Action item:
Exclude the pictures, then repeat the remaining data exactly.

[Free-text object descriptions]
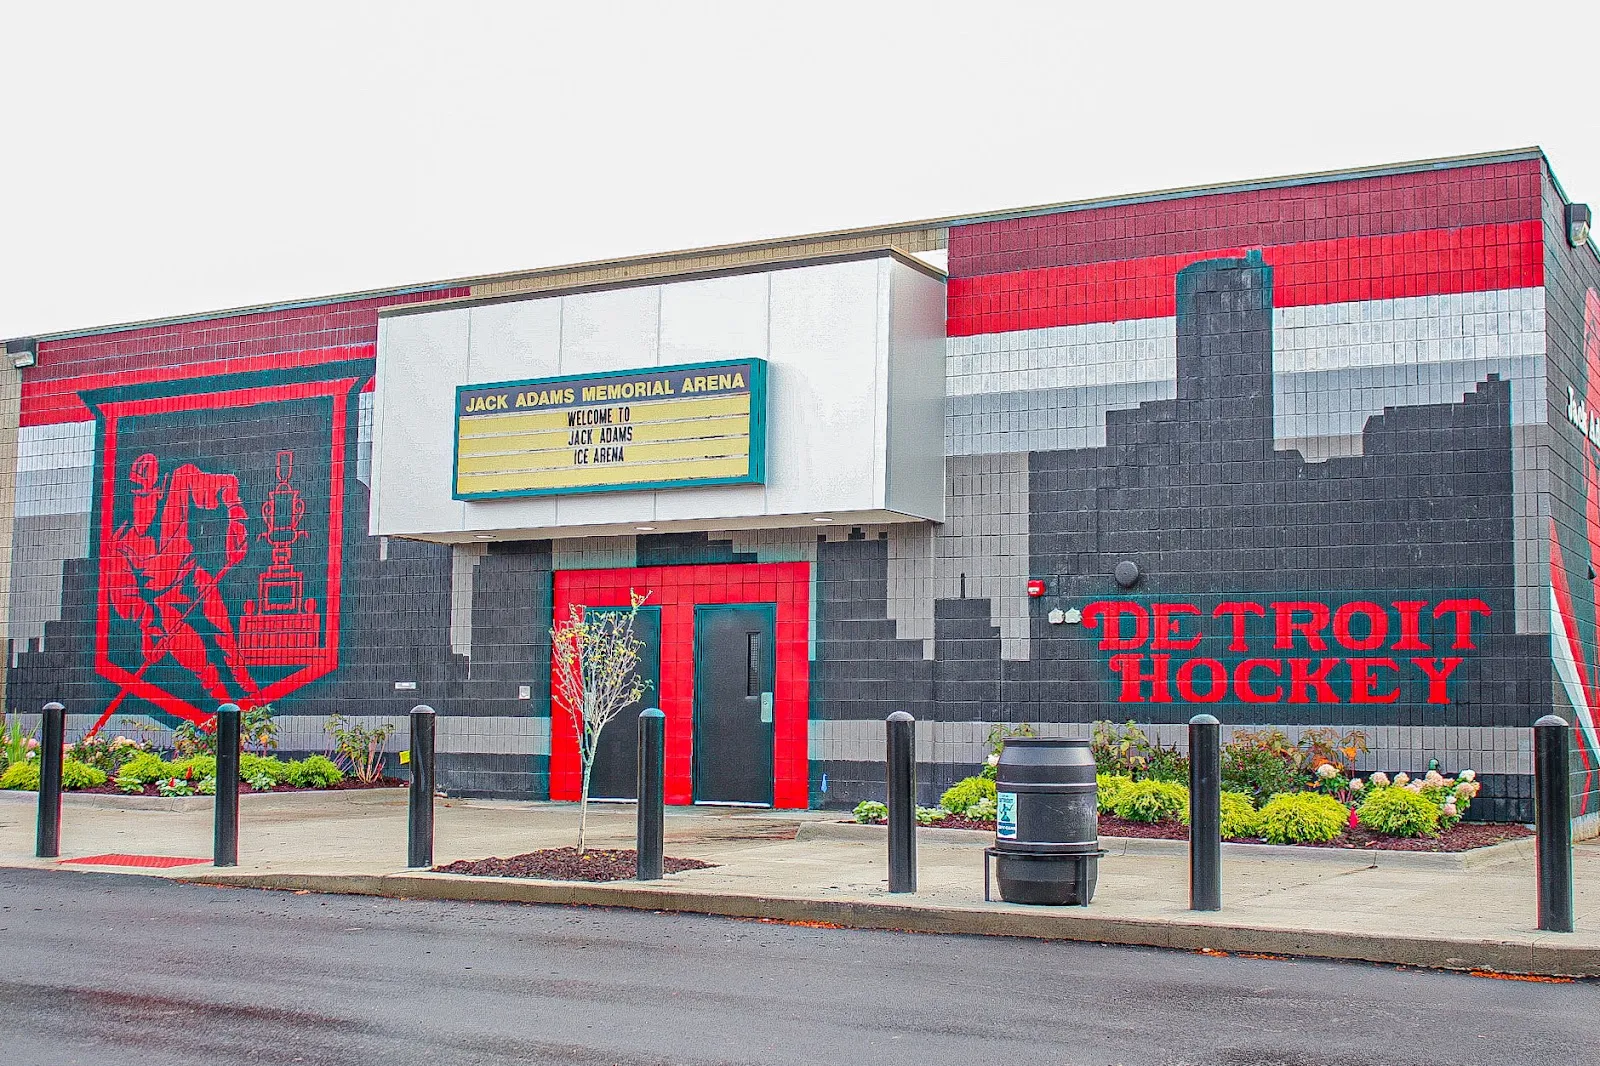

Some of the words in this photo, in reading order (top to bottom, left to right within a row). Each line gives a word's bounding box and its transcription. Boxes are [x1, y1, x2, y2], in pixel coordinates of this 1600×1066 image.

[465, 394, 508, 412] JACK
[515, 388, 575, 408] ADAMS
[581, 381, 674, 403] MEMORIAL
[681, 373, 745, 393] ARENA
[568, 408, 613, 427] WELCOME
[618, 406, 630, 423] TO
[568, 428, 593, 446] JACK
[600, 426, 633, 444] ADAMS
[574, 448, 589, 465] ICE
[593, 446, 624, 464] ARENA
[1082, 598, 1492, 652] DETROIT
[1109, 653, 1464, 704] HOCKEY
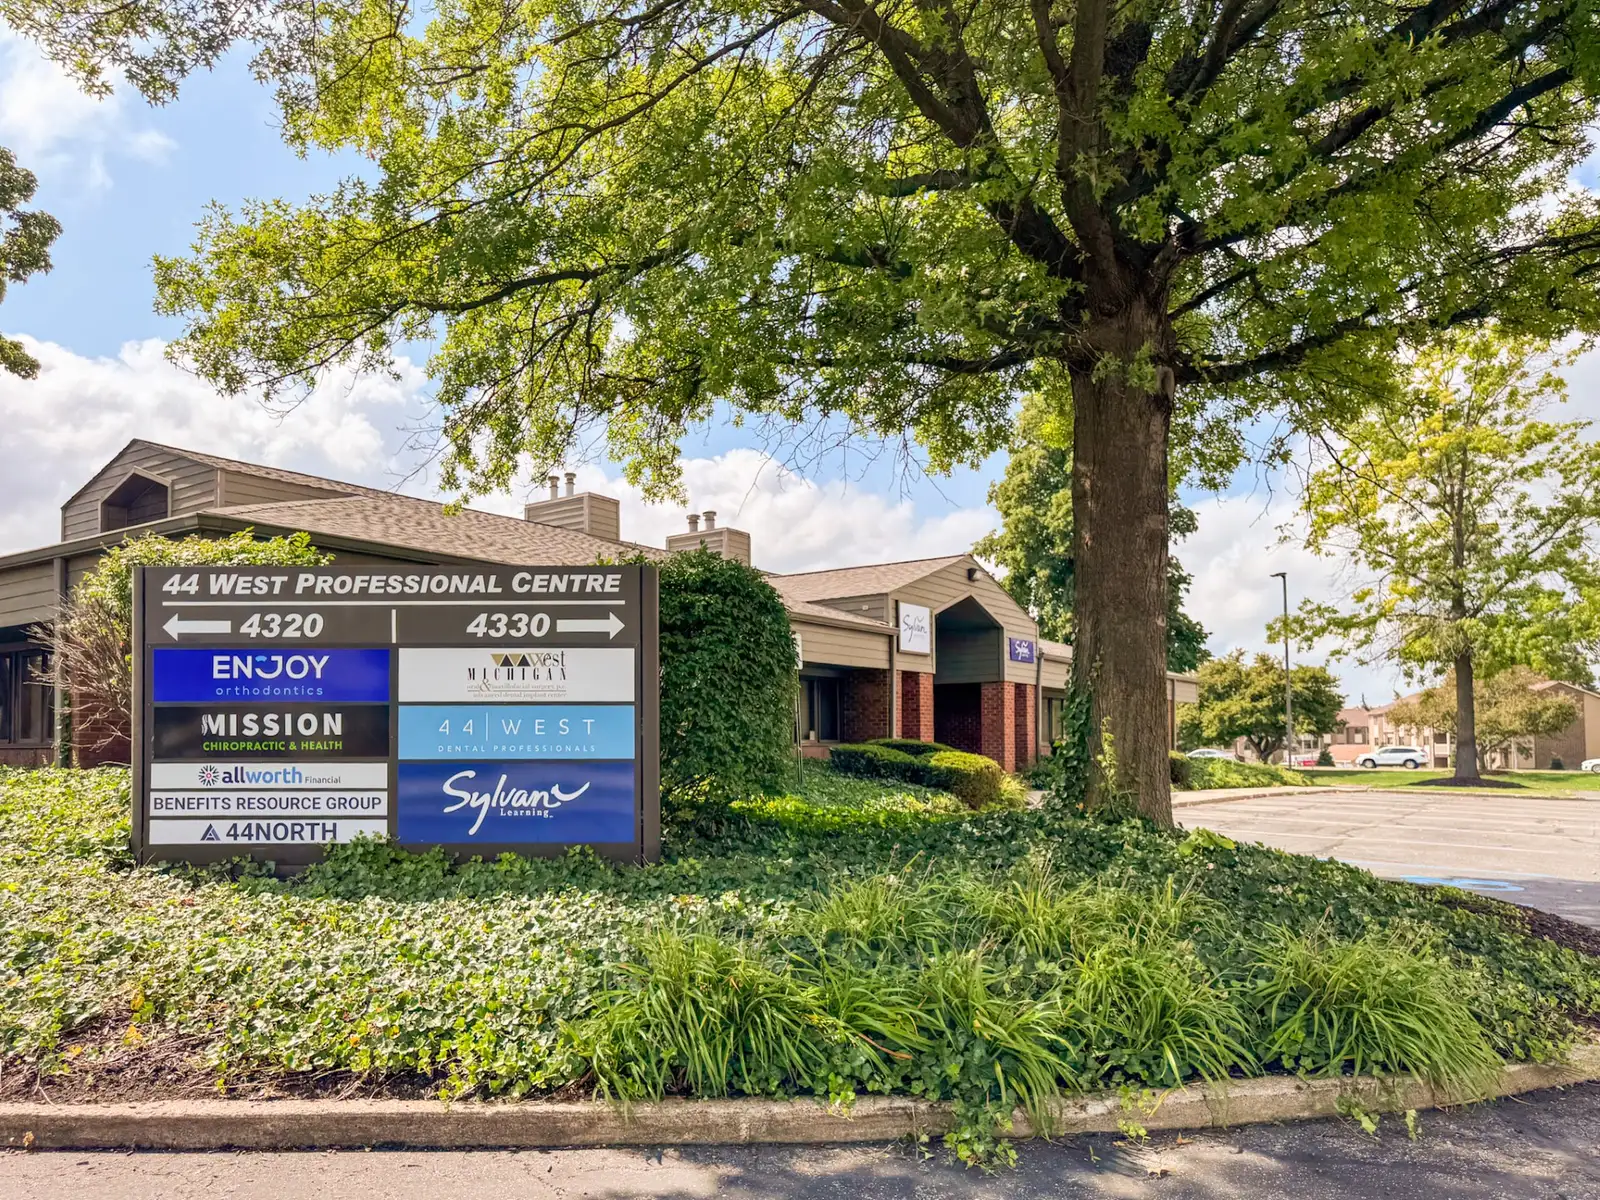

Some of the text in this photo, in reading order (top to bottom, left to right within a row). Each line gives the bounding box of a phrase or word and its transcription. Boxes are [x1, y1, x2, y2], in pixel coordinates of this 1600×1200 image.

Answer section:
Some of the words in this photo, in reading order (top to bottom, left to right within a row). Each line gives a word's bounding box and its transcription. Boxes are [x1, y1, x2, y2], in pixel coordinates of this 1600×1066 image.

[465, 394, 508, 412] JACK
[515, 388, 575, 408] ADAMS
[581, 381, 674, 403] MEMORIAL
[681, 373, 745, 393] ARENA
[568, 408, 613, 427] WELCOME
[618, 406, 630, 423] TO
[568, 428, 593, 446] JACK
[600, 426, 633, 444] ADAMS
[574, 448, 589, 465] ICE
[593, 446, 624, 464] ARENA
[1082, 598, 1492, 652] DETROIT
[1109, 653, 1464, 704] HOCKEY

Some of the text in this photo, in reading order (top to bottom, left to right within a row). Each line gives the bounding box of a phrase or word and its transcription. Boxes are [x1, y1, x2, y2], in pixel coordinates of this 1600×1200 image.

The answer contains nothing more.